Data_Sheet_1_Proteomics Reveals an Increase in the Abundance of Glycolytic and Ethanolic Fermentation Enzymes in Developing Sugarcane Culms During Sucrose Accumulation.zip

Sugarcane is an economically important crop contributing to the sugar and ethanol production of the world with 80 and 40%, respectively. Despite its importance as the main crop for sugar production, the mechanisms involved in the regulation of sucrose accumulation in sugarcane culms are still poorly understood. The aim of this work was to compare the quantitative changes of proteins in juvenile and maturing internodes at three stages of plant development. Label-free shotgun proteomics was used for protein profiling and quantification in internodes 5 (I5) and 9 (I9) of 4-, 7-, and 10-month-old-plants (4M, 7M, and 10M, respectively). The I9/I5 ratio was used to assess the differences in the abundance of common proteins at each stage of internode development. I9 of 4M plants showed statistically significant increases in the abundance of several enzymes of the glycolytic pathway and proteoforms of alcohol dehydrogenase (ADH) and pyruvate decarboxylase (PDC). The changes in content of the enzymes were followed by major increases of proteins related to O2 transport like hemoglobin 2, ROS scavenging enzymes, and enzymes involved in the ascorbate/glutatione system. Besides, intermediates from tricarboxylic acid cycle (TCA) were reduced in I9-4M, indicating that the increase in abundance of several enzymes involved in glycolysis, pentose phosphate cycle, and TCA, might be responsible for higher metabolic flux, reducing its metabolites content. The results observed in I9-4M indicate that hypoxia might be the main cause of the increased flux of glycolysis and ethanolic fermentation to supply ATP and reducing power for plant growth, mitigating the reduction in mitochondrial respiration due to the low oxygen availability inside the culm. As the plant matured and sucrose accumulated to high levels in the culms, the proteins involved in glycolysis, ethanolic fermentation, and primary carbon metabolism were significantly reduced.

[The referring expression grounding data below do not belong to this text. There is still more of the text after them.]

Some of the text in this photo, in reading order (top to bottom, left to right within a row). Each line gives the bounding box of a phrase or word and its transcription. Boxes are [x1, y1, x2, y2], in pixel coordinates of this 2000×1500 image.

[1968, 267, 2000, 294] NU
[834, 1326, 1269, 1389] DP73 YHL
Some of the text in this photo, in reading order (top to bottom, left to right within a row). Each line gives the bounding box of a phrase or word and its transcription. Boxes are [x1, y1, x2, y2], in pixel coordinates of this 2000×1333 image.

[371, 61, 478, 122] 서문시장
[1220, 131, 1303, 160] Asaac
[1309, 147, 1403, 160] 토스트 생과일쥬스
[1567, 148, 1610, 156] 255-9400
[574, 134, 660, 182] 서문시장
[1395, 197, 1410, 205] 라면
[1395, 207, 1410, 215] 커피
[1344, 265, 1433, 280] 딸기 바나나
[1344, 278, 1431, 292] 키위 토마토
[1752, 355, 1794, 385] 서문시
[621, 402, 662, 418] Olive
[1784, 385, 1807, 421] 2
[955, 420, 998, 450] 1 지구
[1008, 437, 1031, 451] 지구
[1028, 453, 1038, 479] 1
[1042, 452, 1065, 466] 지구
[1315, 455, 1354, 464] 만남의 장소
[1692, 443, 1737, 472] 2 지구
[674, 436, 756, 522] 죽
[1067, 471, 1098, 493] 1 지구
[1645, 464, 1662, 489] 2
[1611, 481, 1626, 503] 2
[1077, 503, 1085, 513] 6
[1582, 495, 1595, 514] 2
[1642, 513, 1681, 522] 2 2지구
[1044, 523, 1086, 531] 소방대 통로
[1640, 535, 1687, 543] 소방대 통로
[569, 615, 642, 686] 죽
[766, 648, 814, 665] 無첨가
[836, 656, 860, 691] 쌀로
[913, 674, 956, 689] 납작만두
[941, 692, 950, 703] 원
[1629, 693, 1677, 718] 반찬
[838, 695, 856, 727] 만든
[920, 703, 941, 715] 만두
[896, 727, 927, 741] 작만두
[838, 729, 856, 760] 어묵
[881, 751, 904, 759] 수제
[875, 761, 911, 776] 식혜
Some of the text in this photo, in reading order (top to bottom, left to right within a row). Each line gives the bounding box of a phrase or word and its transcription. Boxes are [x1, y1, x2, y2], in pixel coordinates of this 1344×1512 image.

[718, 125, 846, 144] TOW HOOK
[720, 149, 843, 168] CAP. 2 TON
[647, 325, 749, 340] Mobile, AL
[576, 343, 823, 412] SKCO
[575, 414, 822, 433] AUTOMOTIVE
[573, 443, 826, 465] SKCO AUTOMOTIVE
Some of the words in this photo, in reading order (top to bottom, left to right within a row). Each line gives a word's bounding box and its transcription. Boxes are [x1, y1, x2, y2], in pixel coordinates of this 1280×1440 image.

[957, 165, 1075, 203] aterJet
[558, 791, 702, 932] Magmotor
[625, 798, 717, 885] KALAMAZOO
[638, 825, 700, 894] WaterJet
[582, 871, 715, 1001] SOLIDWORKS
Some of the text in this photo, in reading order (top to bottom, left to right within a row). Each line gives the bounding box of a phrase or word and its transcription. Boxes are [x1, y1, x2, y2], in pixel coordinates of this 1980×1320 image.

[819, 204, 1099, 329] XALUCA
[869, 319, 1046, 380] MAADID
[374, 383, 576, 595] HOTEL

甘蔗是全球重要的经济作物，分别为全球食糖与乙醇生产贡献80%和40%的原料占比。尽管其作为食糖主栽作物的地位举足轻重，但甘蔗茎秆中蔗糖积累的调控机制仍不甚明晰。本研究旨在比较植株三个发育阶段下幼嫩与成熟节间的蛋白质组定量变化。本研究采用无标记鸟枪蛋白质组学（Label-free shotgun proteomics）技术，对4月龄、7月龄和10月龄甘蔗植株（分别记为4M、7M、10M）的第5节间（I5）与第9节间（I9）进行蛋白质谱分析与定量检测。以I9/I5的丰度比值，评估各节间发育阶段中共有蛋白质的丰度差异。4M植株的I9节间中，糖酵解通路的多种酶类、乙醇脱氢酶（alcohol dehydrogenase, ADH）以及丙酮酸脱羧酶（pyruvate decarboxylase, PDC）的蛋白亚型丰度均出现统计学显著上调。紧随这些酶类含量变化的是，与氧气运输相关的蛋白（如血红蛋白2）、活性氧（reactive oxygen species, ROS）清除酶类，以及抗坏血酸/谷胱甘肽系统相关酶类的丰度显著升高。此外，4M植株I9节间中的三羧酸循环（tricarboxylic acid cycle, TCA）中间代谢物含量降低，这表明糖酵解、戊糖磷酸循环与TCA通路相关酶类的丰度提升，可能推动了更高的代谢流，进而导致其代谢物含量下降。4M植株I9节间的研究结果表明，低氧胁迫可能是糖酵解与乙醇发酵通量提升的主要诱因，该过程可为植株生长提供ATP与还原力，同时缓解因茎秆内部氧气含量不足导致的线粒体呼吸作用减弱。随着植株成熟、茎秆中蔗糖积累至高水平，糖酵解、乙醇发酵与初级碳代谢相关的蛋白质丰度均显著下调。